POTTSTOWN, Pennsylvania — A gym in suburban Pennsylvania doesn’t sound like the most obvious place to be for a young Mongolian-Canadian student with dreams to make it big in sports. But that’s where Jacob Tala spent all of July, perfecting his basketball game.

“You know, we’re descendants of Genghis Khan,” Norma Tala, Jacob’s mother, says excitedly, keeping a watchful eye on the court. She erupts in applause as her son sinks a basket against the Philadelphia Vipers. His purported ancestor’s famous drive to conquer seems mirrored in Jacob’s bid to make it big in a foreign land. He wants to be a basketball star in America, and if he makes it, he will have a small basketball academy in Pennsylvania to thank.

The 17-year old is one of the kids from 12 countries spending part of the summer at Alexander Basketball Academy, a monthlong sleepaway camp for international high school talent from countries ranging from Denmark to China.

Tala is one of the emerging international players who are changing the face of the sport in America, some of them originally from countries, like Mongolia, where basketball has been catapulted rapidly from an oddity into one of the most popular sports.

His parents have achieved the immigrant dream: After leaving their native Mongolia, they are naturalized Canadians, and are currently living as expats in Shanghai, China, where Jacob’s father, Tony, is a successful businessman. Now Jacob, the elder of their two children, is chasing a dream of his own: playing Division I college basketball in the U.S.

Three summers at the camp have transformed “two-point Tala,” a moniker he got after scoring only two points in his entire first summer session, into a prospective collegiate-level basketball player.

The place where he morphed into a contender for American basketball is Alexander Basketball Academy, held on the perfectly manicured grounds of the Hill School, 40 miles (70 km) outside of Philadelphia.

Every summer John Alexander, the camp’s 33-year old owner, and his fellow coach Kevin Breslin, an entertainment basketball player for the Washington Generals — the team that famously tours with, and loses to, the Harlem Globetrotters — bring 45 young men here for a shot at college-level play.

For most international prospects, getting into the American college-basketball system and reaping the benefits of college-level play and exposure is not easy. Typically, NBA scouts only pluck out players who have already had experience in their respective national leagues and have grown a thick enough skin to survive a transition to the NBA. This means young players like Tala would never get in front of an NBA international scout.

Like Tala, the rest of Alexander’s recruits are largely unknown within their countries, let alone internationally. While the NBA is busy looking for ripe talent, the Alexander operation spends its time growing it. “The camp is for students that would probably never have been seen,” Alexander says. For inexperienced kids from around the world, even just getting a chance to be scouted is “unfamiliar territory,” he says.
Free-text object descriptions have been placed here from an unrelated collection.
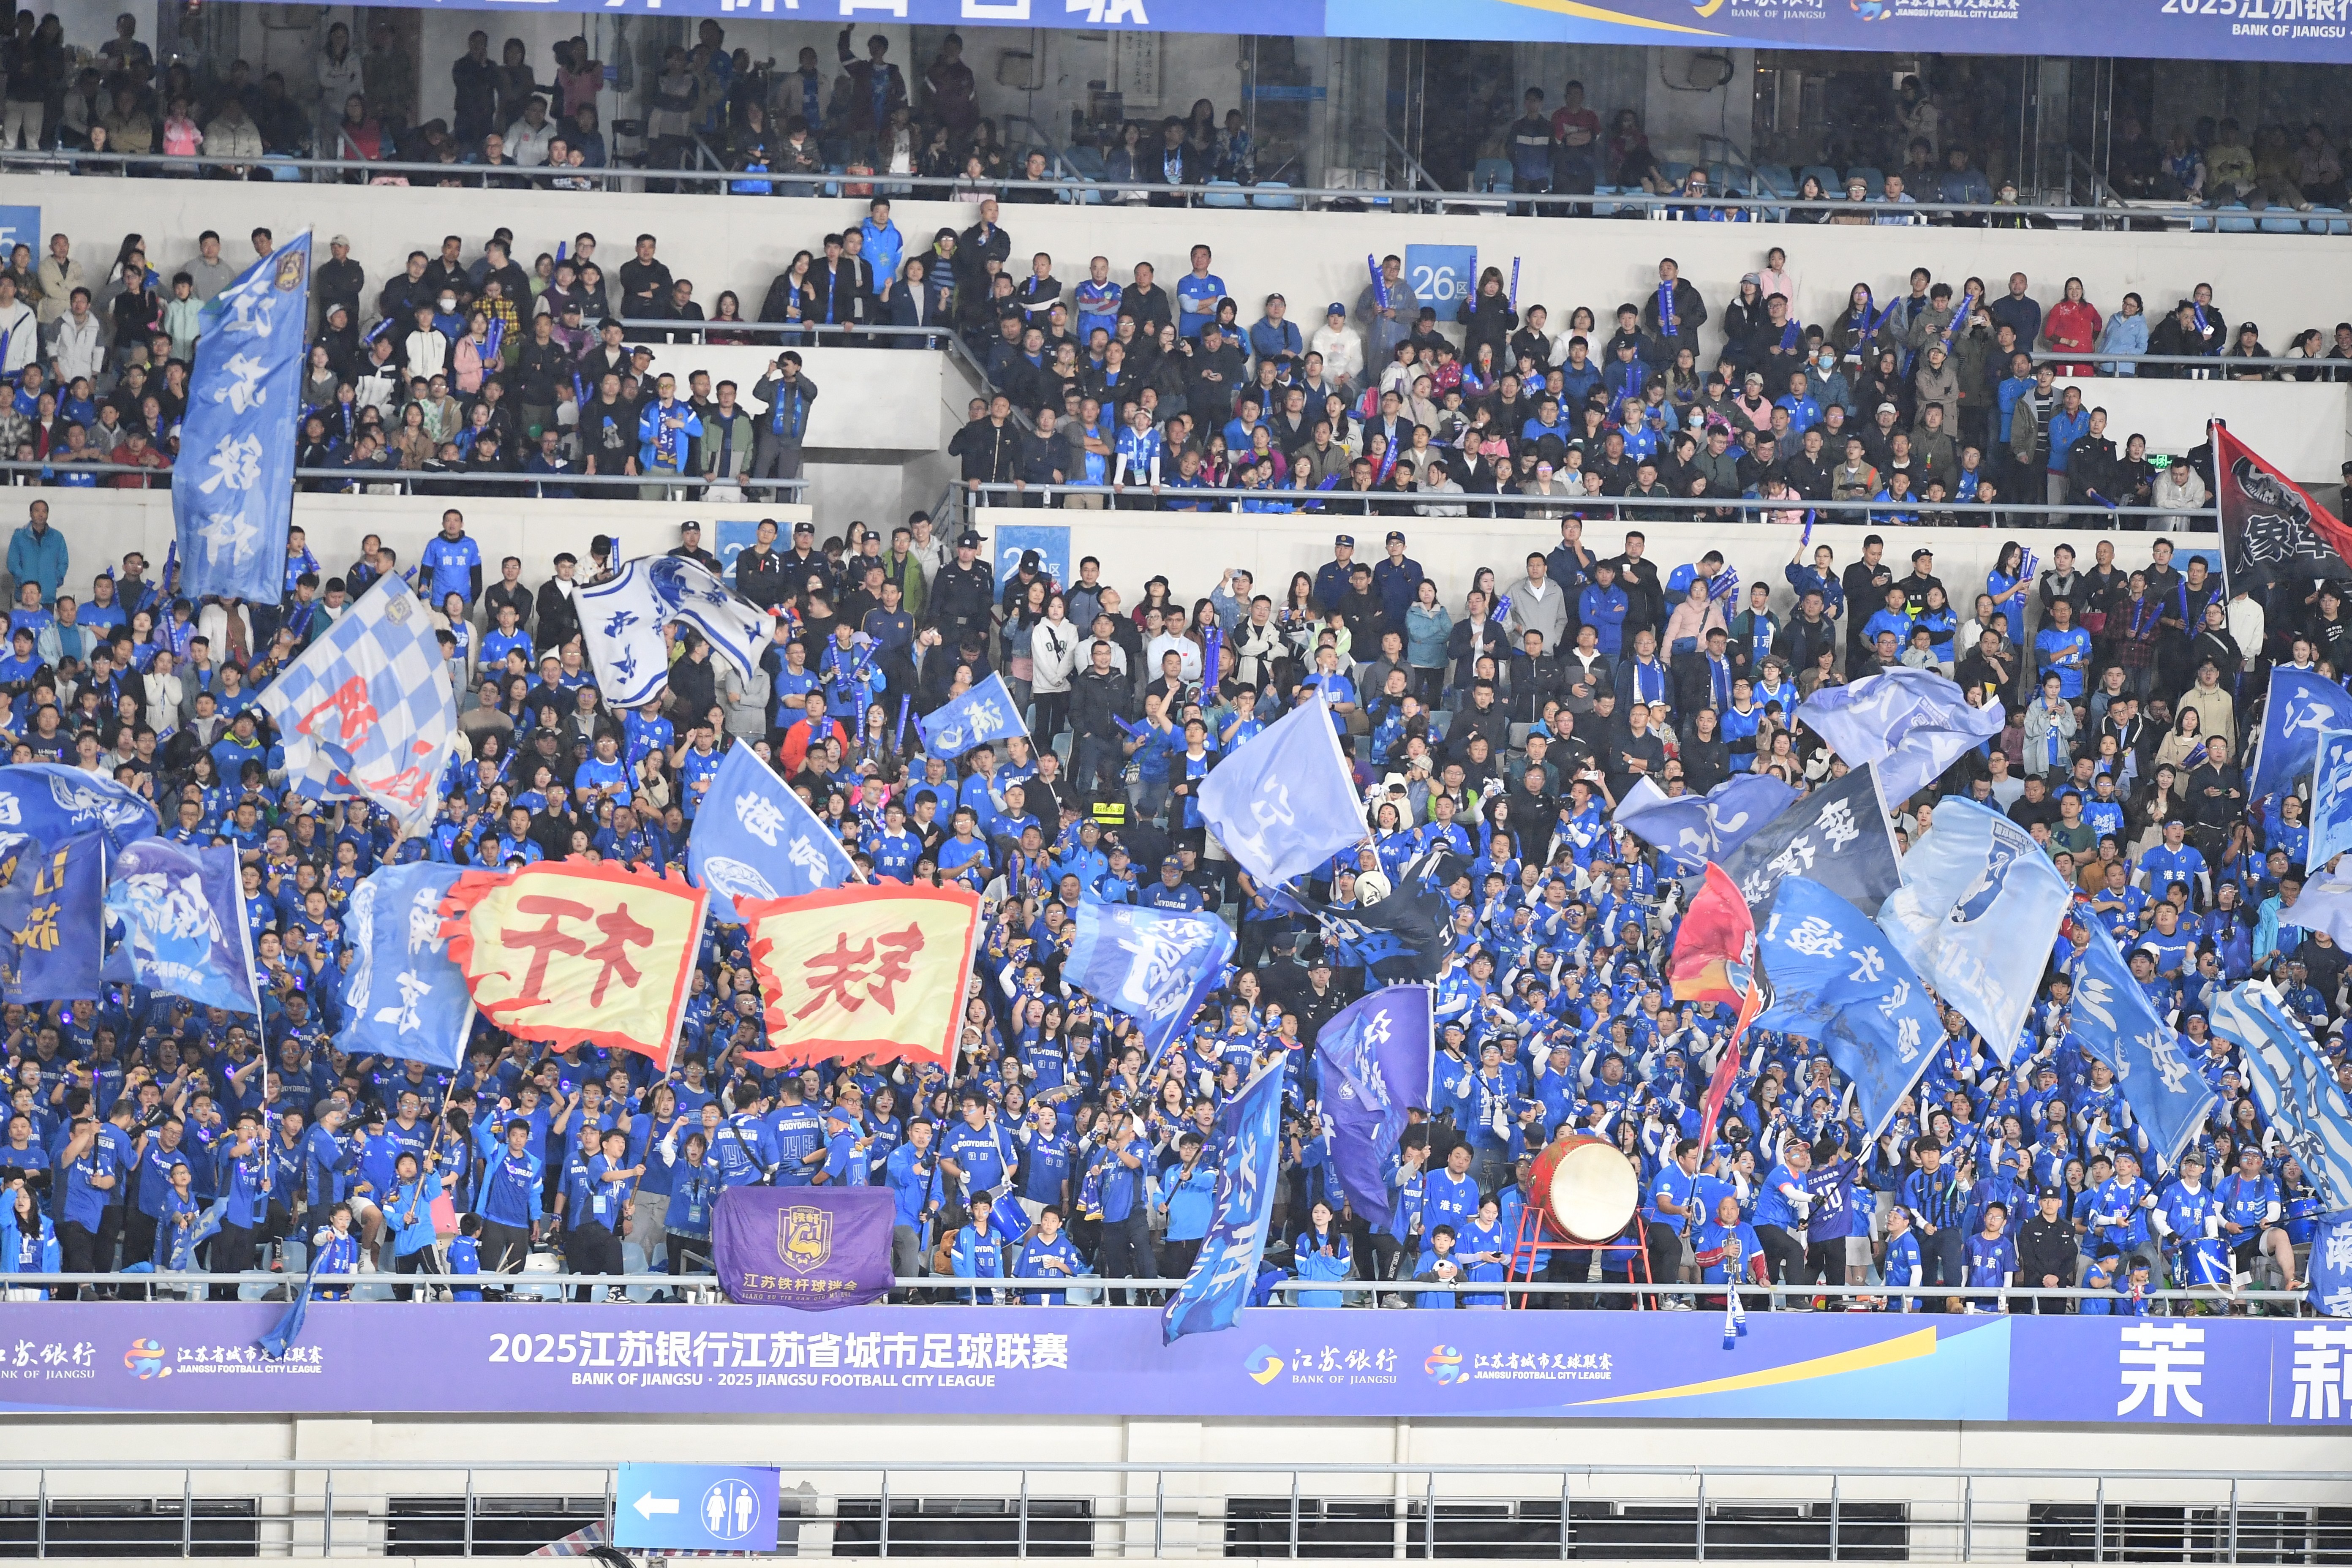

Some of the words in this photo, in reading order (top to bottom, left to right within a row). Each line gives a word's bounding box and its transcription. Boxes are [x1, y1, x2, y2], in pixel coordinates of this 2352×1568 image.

[1731, 8, 1760, 17] BANK
[1764, 10, 1778, 18] OF
[1783, 10, 1826, 19] JIANGSU
[1895, 8, 1928, 17] JIANGSU
[1929, 9, 1968, 18] FOOTBALL
[1970, 10, 1987, 19] CITY
[1988, 10, 2019, 19] LEAGUE
[2232, 24, 2268, 36] BANK
[2272, 24, 2289, 36] OF
[2291, 25, 2346, 38] JIANGSU
[1413, 265, 1456, 300] 26
[1457, 281, 1467, 294] 区
[442, 555, 466, 566] 南京
[1048, 563, 1060, 576] 区
[639, 735, 660, 748] 南京
[884, 856, 906, 866] 南京
[2163, 870, 2186, 881] 淮安
[2116, 912, 2136, 923] 淮安
[779, 1119, 818, 1132] BODYDREAM
[1439, 1199, 1463, 1216] 淮安
[1851, 1198, 1871, 1214] 南京
[2181, 1206, 2202, 1219] 南京
[2236, 1201, 2256, 1212] 南京
[792, 1212, 820, 1224] 铁杆
[1387, 1250, 1401, 1279] KELME
[1972, 1255, 1997, 1270] 南京
[743, 1272, 858, 1293] 江苏铁杆球迷会
[0, 1339, 96, 1367] 苏银行
[488, 1330, 1068, 1369] 2025江苏银行江苏省城市足球联赛
[1291, 1344, 1399, 1373] 江苏银行
[1474, 1352, 1613, 1372] 江苏省城市足球联赛
[0, 1369, 19, 1379] NK
[24, 1370, 40, 1380] OF
[45, 1369, 95, 1380] JIANGSU
[176, 1364, 217, 1374] JIANGSU
[218, 1364, 264, 1374] FOOTBALL
[264, 1364, 286, 1374] CITY
[286, 1364, 323, 1374] LEAGUE
[571, 1372, 614, 1385] BANK
[617, 1372, 638, 1386] OF
[640, 1372, 703, 1388] JIANGSU
[717, 1373, 754, 1386] 2025
[756, 1373, 818, 1388] JIANGSU
[821, 1373, 898, 1387] FOOTBALL
[901, 1374, 935, 1387] CITY
[937, 1374, 995, 1387] LEAGUE
[1291, 1375, 1324, 1384] BANK
[1328, 1375, 1345, 1384] OF
[1349, 1374, 1397, 1386] JIANGSU
[1474, 1371, 1512, 1380] JIANGSU
[1512, 1371, 1557, 1380] FOOTBALL
[1557, 1371, 1577, 1380] CITY
[1577, 1372, 1612, 1381] LEAGUE
In four years of operation, Alexander has established himself as a pioneer of a new method of international recruitment. With the help of a dozen coaches, most of whom played college basketball themselves, the Academy houses and trains four teams divided into two levels. Golden Dragon athletes are players with basketball experience and fundamentals, but who need the finesse and exposure to play at a college level; and the Red Dragons, the camp’s younger group, usually are rising high school freshmen or sophomores who are still working on gaining time on the court and learning fundamentals.

Collectively, they are known as Global Squad — and Alexander was once just like them.
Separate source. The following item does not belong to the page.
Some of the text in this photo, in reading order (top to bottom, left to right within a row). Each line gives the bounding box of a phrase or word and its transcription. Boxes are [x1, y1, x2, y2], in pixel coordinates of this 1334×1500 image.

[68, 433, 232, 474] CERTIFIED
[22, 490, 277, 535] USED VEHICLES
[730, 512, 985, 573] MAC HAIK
Along with his two brothers, Jeremy and Joe, he used to be a high school student playing basketball overseas in China, pursuing hoop dreams long before the now basketball-crazed country was a blip on the NBA’s radar. The process is personal for the three brothers, who went through the same struggles to get noticed by American college scouts while living as expats and playing at the International School of Beijing.
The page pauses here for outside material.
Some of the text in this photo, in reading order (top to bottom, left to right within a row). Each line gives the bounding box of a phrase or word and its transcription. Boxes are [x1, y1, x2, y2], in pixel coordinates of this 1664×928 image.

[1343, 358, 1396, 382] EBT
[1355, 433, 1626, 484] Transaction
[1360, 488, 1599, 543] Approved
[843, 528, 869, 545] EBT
Though they excelled on their Beijing team, they quickly realized college basketball programs weren’t going to notice them in China. After moving back to the U.S., John and Jeremy were able to secure spots playing Division III basketball at Washington College, while Joe, the youngest and the best player of the three, earned a spot on West Virginia’s Division I team. The process wasn’t easy — Joe had to do an additional year of prep school to eventually get noticed by West Virginia. In 2008, his dreams were realized when he was drafted to the NBA by the Milwaukee Bucks.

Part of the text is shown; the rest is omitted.